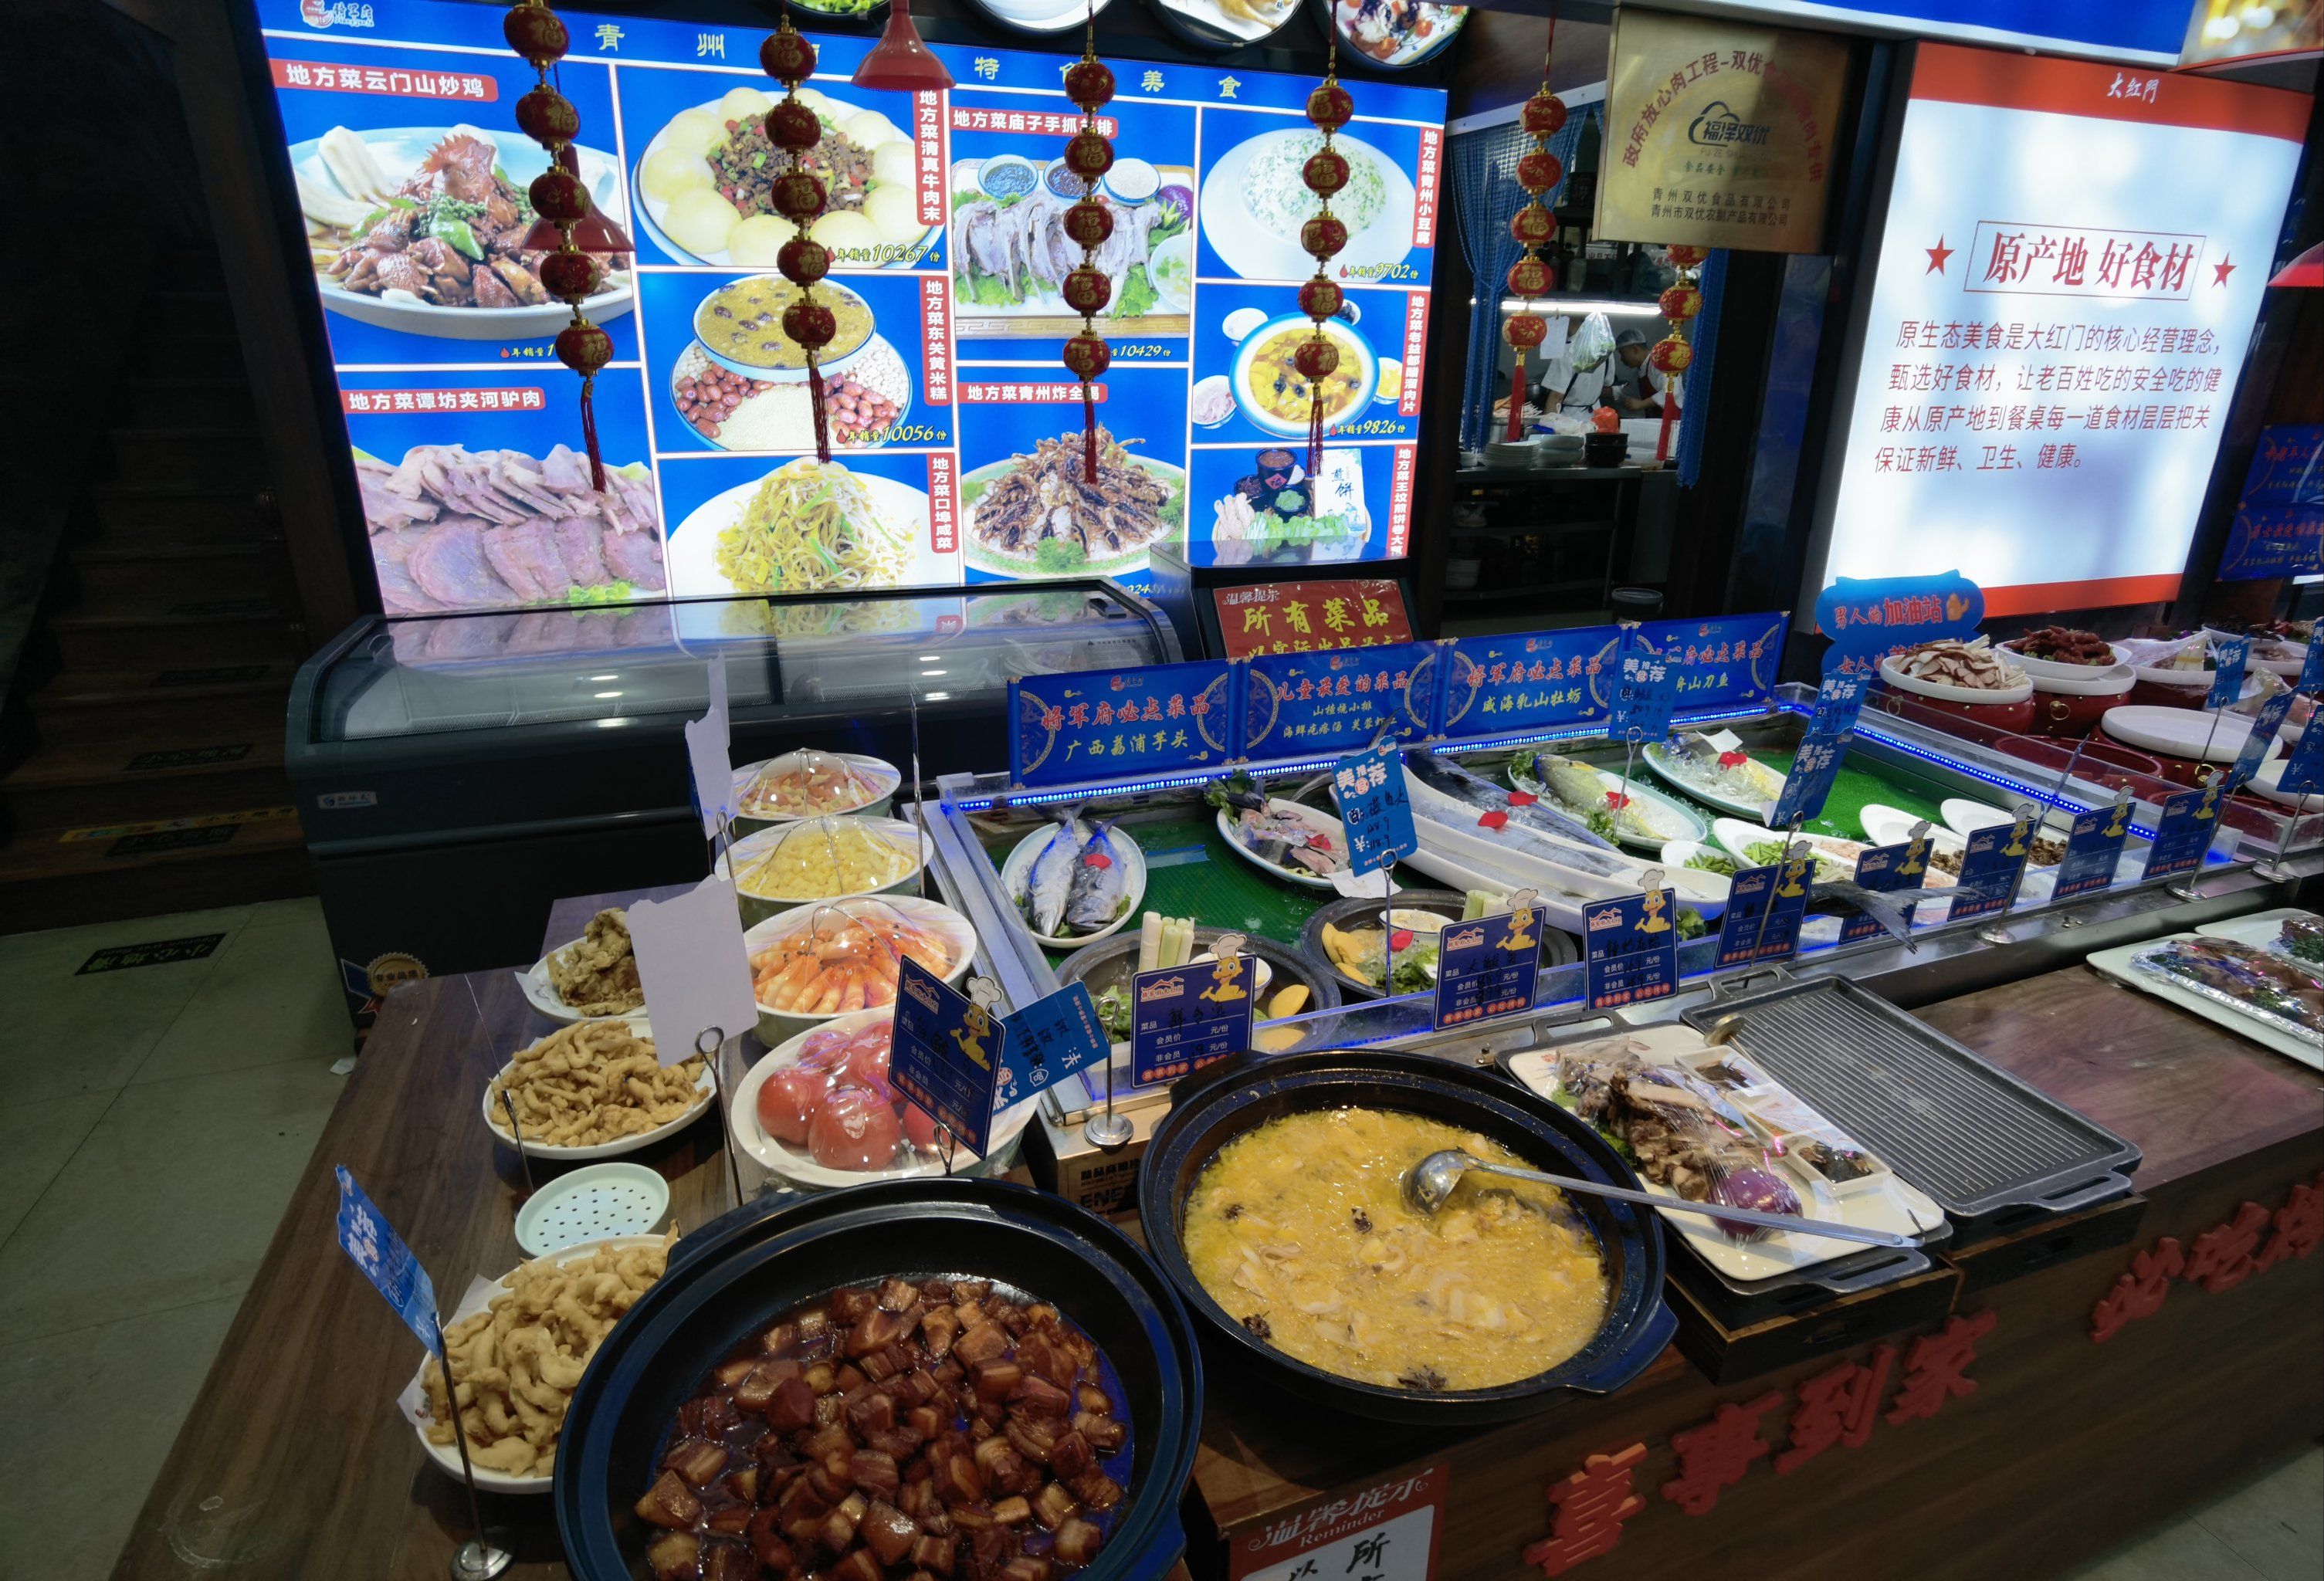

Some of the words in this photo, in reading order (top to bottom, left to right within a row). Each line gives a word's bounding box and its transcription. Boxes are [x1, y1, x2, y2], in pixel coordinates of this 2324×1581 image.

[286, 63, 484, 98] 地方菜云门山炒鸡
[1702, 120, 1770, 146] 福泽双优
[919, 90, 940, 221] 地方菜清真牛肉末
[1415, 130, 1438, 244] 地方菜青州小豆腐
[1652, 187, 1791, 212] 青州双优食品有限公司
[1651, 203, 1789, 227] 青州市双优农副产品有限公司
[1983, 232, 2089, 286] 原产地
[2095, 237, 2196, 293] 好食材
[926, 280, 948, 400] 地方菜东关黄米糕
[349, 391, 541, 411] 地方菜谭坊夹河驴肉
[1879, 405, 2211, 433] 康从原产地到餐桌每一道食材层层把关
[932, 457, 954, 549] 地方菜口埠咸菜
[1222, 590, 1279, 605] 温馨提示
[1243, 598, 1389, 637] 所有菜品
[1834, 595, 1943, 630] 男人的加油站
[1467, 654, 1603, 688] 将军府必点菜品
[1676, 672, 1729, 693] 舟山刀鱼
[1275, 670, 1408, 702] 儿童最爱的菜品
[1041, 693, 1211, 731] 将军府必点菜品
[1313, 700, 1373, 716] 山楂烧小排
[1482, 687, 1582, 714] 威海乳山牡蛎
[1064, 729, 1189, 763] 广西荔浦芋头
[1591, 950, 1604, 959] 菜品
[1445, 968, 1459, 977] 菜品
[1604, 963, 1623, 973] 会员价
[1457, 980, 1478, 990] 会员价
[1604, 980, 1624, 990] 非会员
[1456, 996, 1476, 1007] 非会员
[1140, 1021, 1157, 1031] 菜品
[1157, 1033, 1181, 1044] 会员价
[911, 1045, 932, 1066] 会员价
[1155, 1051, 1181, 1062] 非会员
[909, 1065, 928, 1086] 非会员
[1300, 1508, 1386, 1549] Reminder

━━━━━━

_Description of the task_: Please write out all the data again word for word, but not the pictures.

_Solution below_:
Some of the words in this photo, in reading order (top to bottom, left to right within a row). Each line gives a word's bounding box and its transcription. Boxes are [x1, y1, x2, y2], in pixel coordinates of this 2324×1581 image.

[286, 63, 484, 98] 地方菜云门山炒鸡
[1702, 120, 1770, 146] 福泽双优
[919, 90, 940, 221] 地方菜清真牛肉末
[1415, 130, 1438, 244] 地方菜青州小豆腐
[1652, 187, 1791, 212] 青州双优食品有限公司
[1651, 203, 1789, 227] 青州市双优农副产品有限公司
[1983, 232, 2089, 286] 原产地
[2095, 237, 2196, 293] 好食材
[926, 280, 948, 400] 地方菜东关黄米糕
[349, 391, 541, 411] 地方菜谭坊夹河驴肉
[1879, 405, 2211, 433] 康从原产地到餐桌每一道食材层层把关
[932, 457, 954, 549] 地方菜口埠咸菜
[1222, 590, 1279, 605] 温馨提示
[1243, 598, 1389, 637] 所有菜品
[1834, 595, 1943, 630] 男人的加油站
[1467, 654, 1603, 688] 将军府必点菜品
[1676, 672, 1729, 693] 舟山刀鱼
[1275, 670, 1408, 702] 儿童最爱的菜品
[1041, 693, 1211, 731] 将军府必点菜品
[1313, 700, 1373, 716] 山楂烧小排
[1482, 687, 1582, 714] 威海乳山牡蛎
[1064, 729, 1189, 763] 广西荔浦芋头
[1591, 950, 1604, 959] 菜品
[1445, 968, 1459, 977] 菜品
[1604, 963, 1623, 973] 会员价
[1457, 980, 1478, 990] 会员价
[1604, 980, 1624, 990] 非会员
[1456, 996, 1476, 1007] 非会员
[1140, 1021, 1157, 1031] 菜品
[1157, 1033, 1181, 1044] 会员价
[911, 1045, 932, 1066] 会员价
[1155, 1051, 1181, 1062] 非会员
[909, 1065, 928, 1086] 非会员
[1300, 1508, 1386, 1549] Reminder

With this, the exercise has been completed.